[Text-to-region grounding data]

+-------+

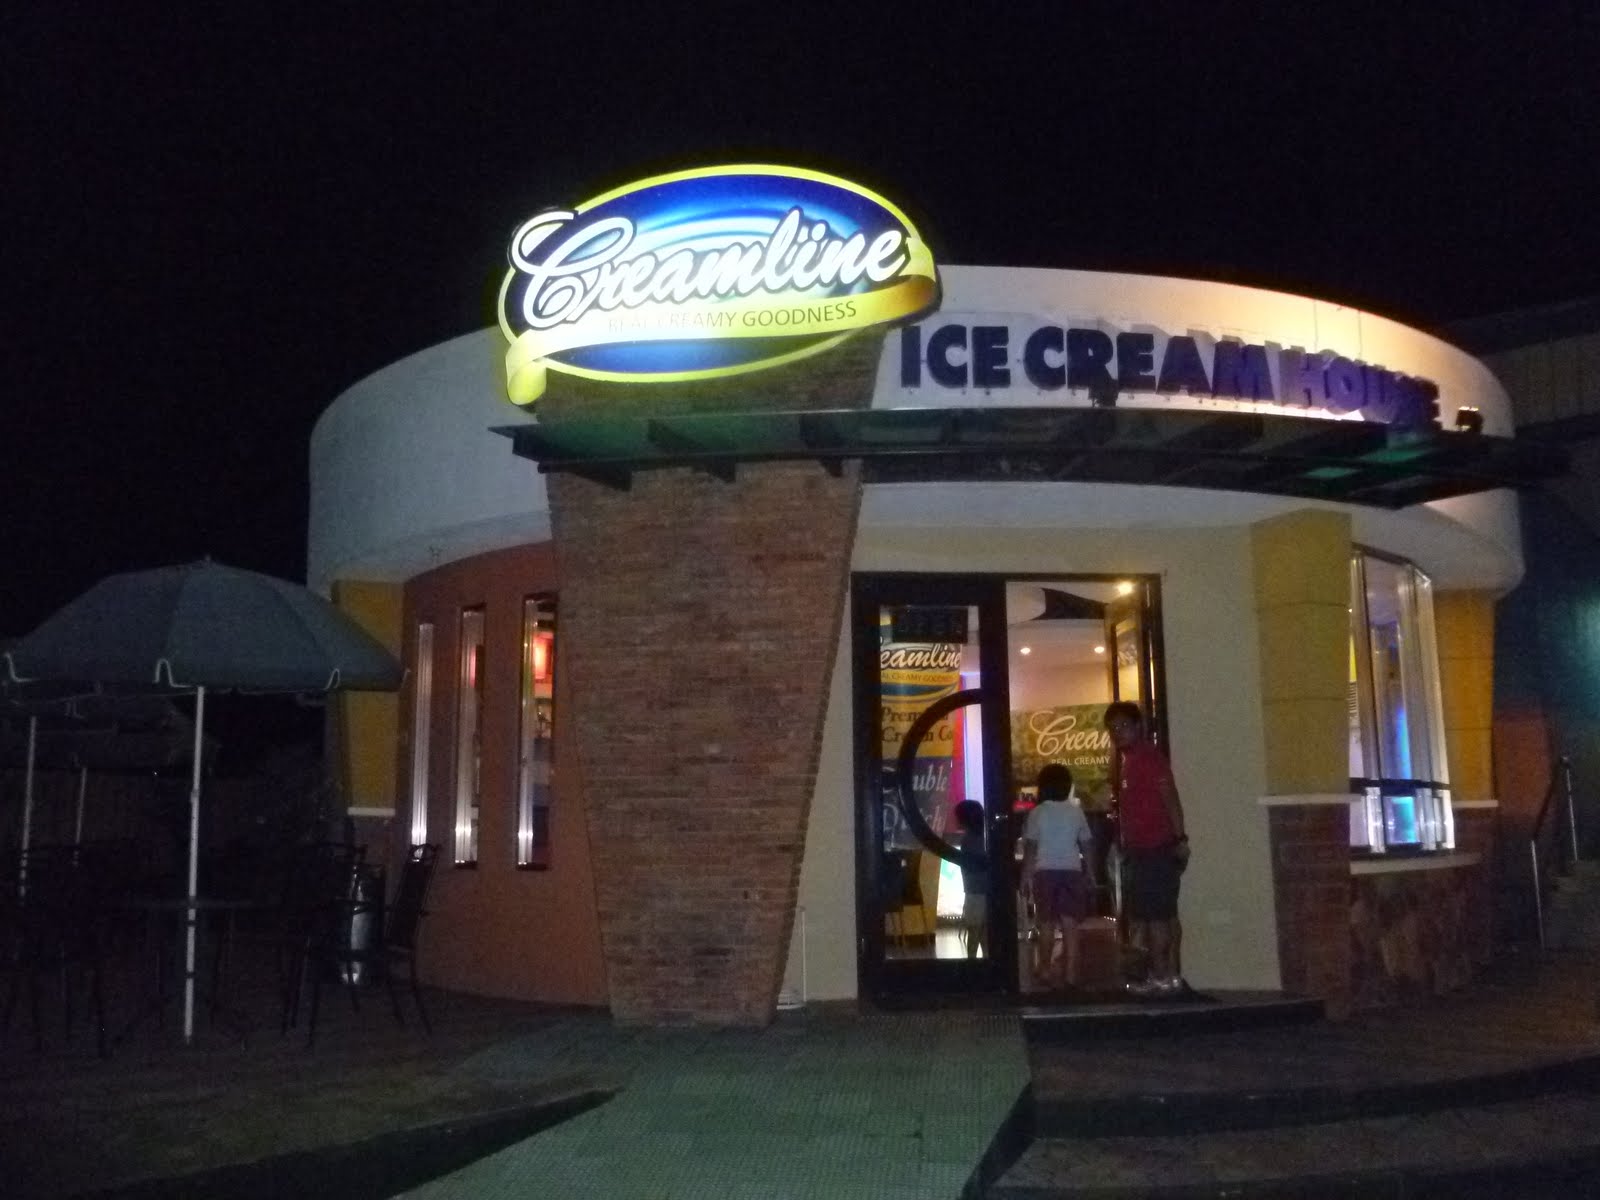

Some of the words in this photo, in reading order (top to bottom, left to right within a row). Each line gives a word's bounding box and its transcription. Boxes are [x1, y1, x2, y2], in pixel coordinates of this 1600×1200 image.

[510, 207, 907, 328] Creamline
[656, 310, 736, 330] CREAMY
[742, 300, 857, 327] GOODNESS
[900, 325, 1010, 389] ICE
[1023, 326, 1275, 402] CREAM
[1279, 348, 1439, 428] HOUE
[881, 642, 961, 668] eamline
[1074, 756, 1111, 766] CREAMY

+-------+

> _GOAL OF THE EXERCISE_: Every entry should be returned exactly as written, minus the pictures.

> _REPLY_:
Some of the words in this photo, in reading order (top to bottom, left to right within a row). Each line gives a word's bounding box and its transcription. Boxes are [x1, y1, x2, y2], in pixel coordinates of this 1600×1200 image.

[510, 207, 907, 328] Creamline
[656, 310, 736, 330] CREAMY
[742, 300, 857, 327] GOODNESS
[900, 325, 1010, 389] ICE
[1023, 326, 1275, 402] CREAM
[1279, 348, 1439, 428] HOUE
[881, 642, 961, 668] eamline
[1074, 756, 1111, 766] CREAMY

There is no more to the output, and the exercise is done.